- _TASK INSTRUCTIONS_:
Make a verbatim copy of the entries below; pictures stay out.

- _DATA TO EXAMINE_:
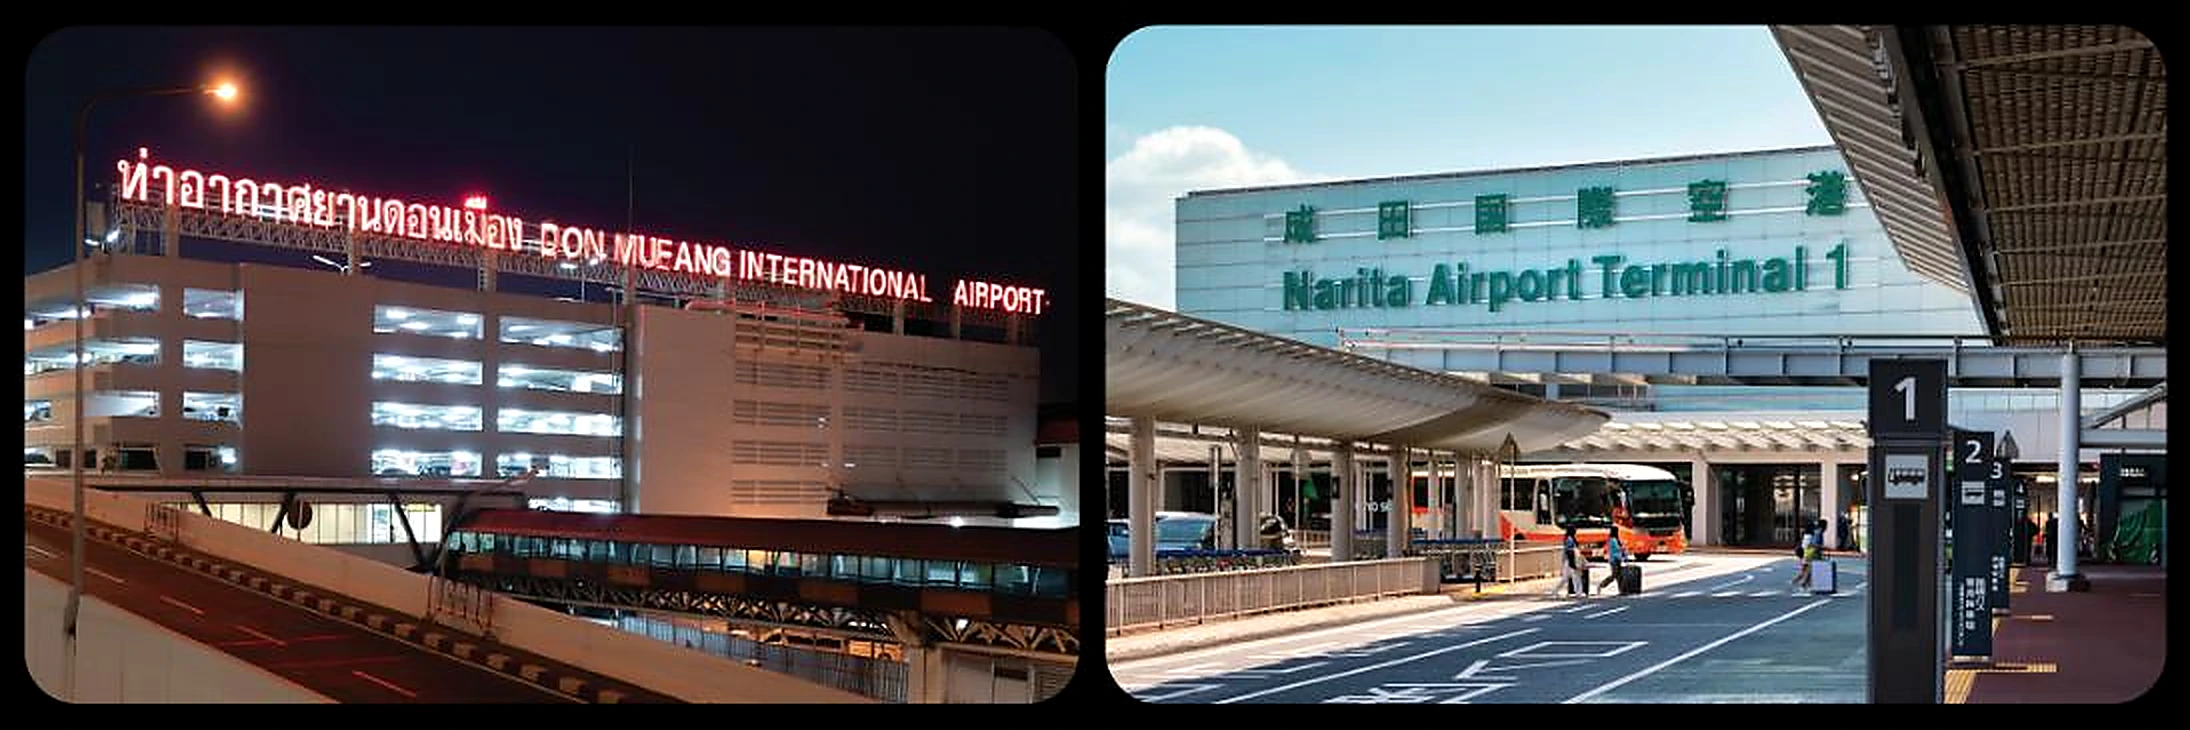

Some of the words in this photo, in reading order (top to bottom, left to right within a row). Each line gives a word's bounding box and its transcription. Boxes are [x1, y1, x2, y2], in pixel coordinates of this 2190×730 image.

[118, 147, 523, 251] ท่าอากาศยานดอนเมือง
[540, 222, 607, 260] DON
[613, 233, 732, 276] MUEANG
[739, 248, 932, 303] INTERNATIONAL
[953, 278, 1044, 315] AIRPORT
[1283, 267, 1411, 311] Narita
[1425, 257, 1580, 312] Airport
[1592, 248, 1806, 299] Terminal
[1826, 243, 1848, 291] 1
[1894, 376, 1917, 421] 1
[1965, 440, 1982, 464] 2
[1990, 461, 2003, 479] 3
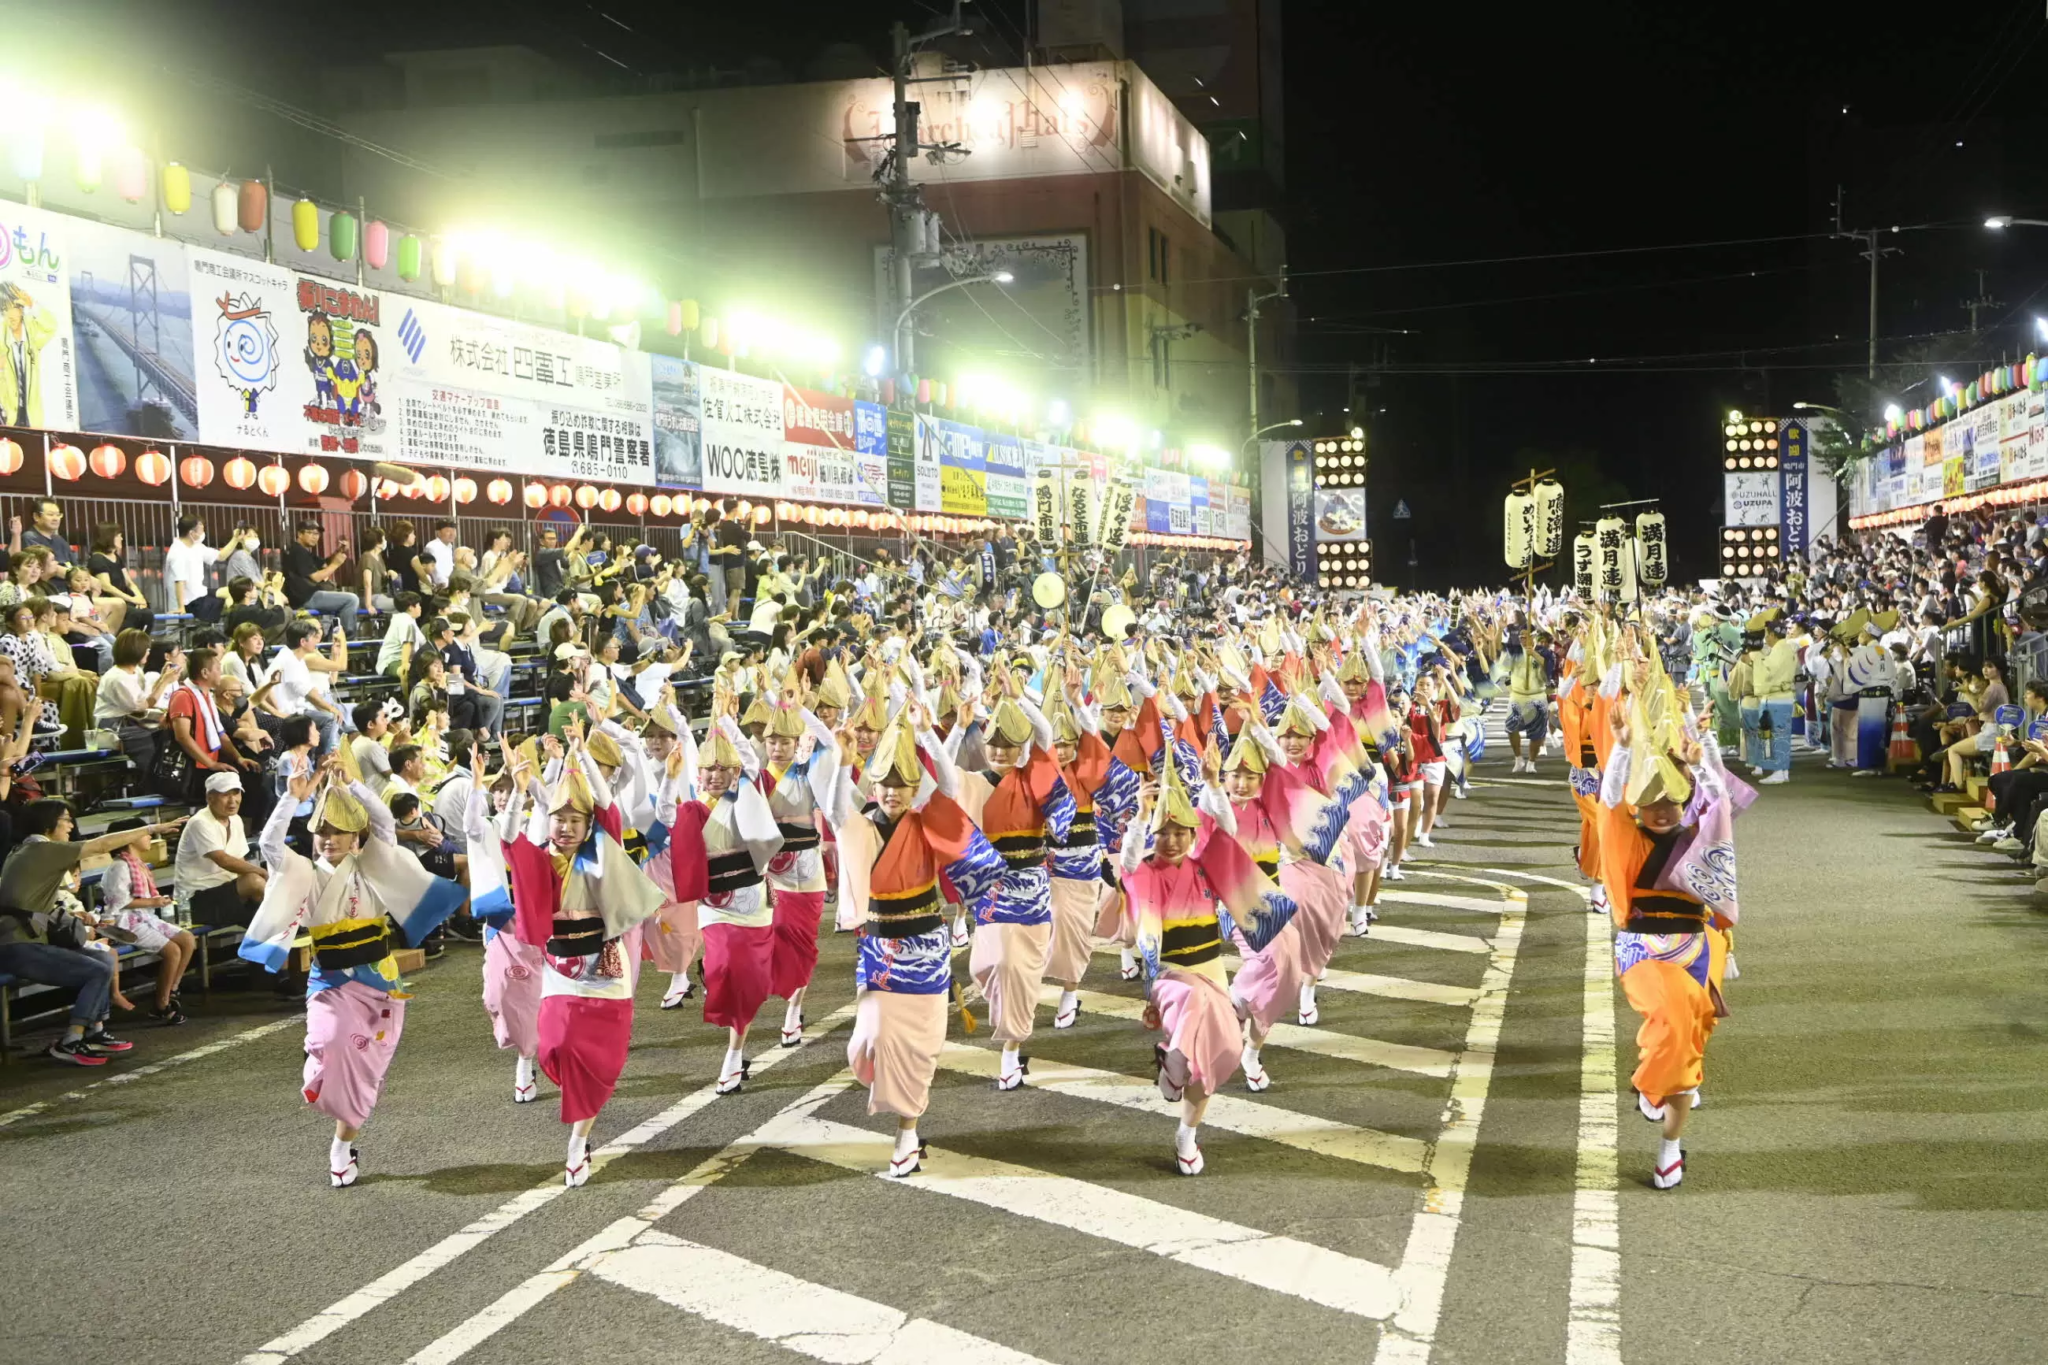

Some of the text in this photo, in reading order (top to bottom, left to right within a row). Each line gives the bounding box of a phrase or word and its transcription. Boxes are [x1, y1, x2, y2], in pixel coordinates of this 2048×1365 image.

- _SOLUTION TO THIS PROBLEM_:
Some of the words in this photo, in reading order (top to bottom, left to right within a row). Each line gives a word's bounding box and its transcription. Boxes are [x1, y1, x2, y2], in pixel coordinates of this 2190×730 image.

[118, 147, 523, 251] ท่าอากาศยานดอนเมือง
[540, 222, 607, 260] DON
[613, 233, 732, 276] MUEANG
[739, 248, 932, 303] INTERNATIONAL
[953, 278, 1044, 315] AIRPORT
[1283, 267, 1411, 311] Narita
[1425, 257, 1580, 312] Airport
[1592, 248, 1806, 299] Terminal
[1826, 243, 1848, 291] 1
[1894, 376, 1917, 421] 1
[1965, 440, 1982, 464] 2
[1990, 461, 2003, 479] 3

Some of the text in this photo, in reading order (top to bottom, left to right within a row). Each line gives the bounding box of a phrase or word and its transcription. Boxes are [x1, y1, x2, y2], in pixel coordinates of this 2048×1365 image.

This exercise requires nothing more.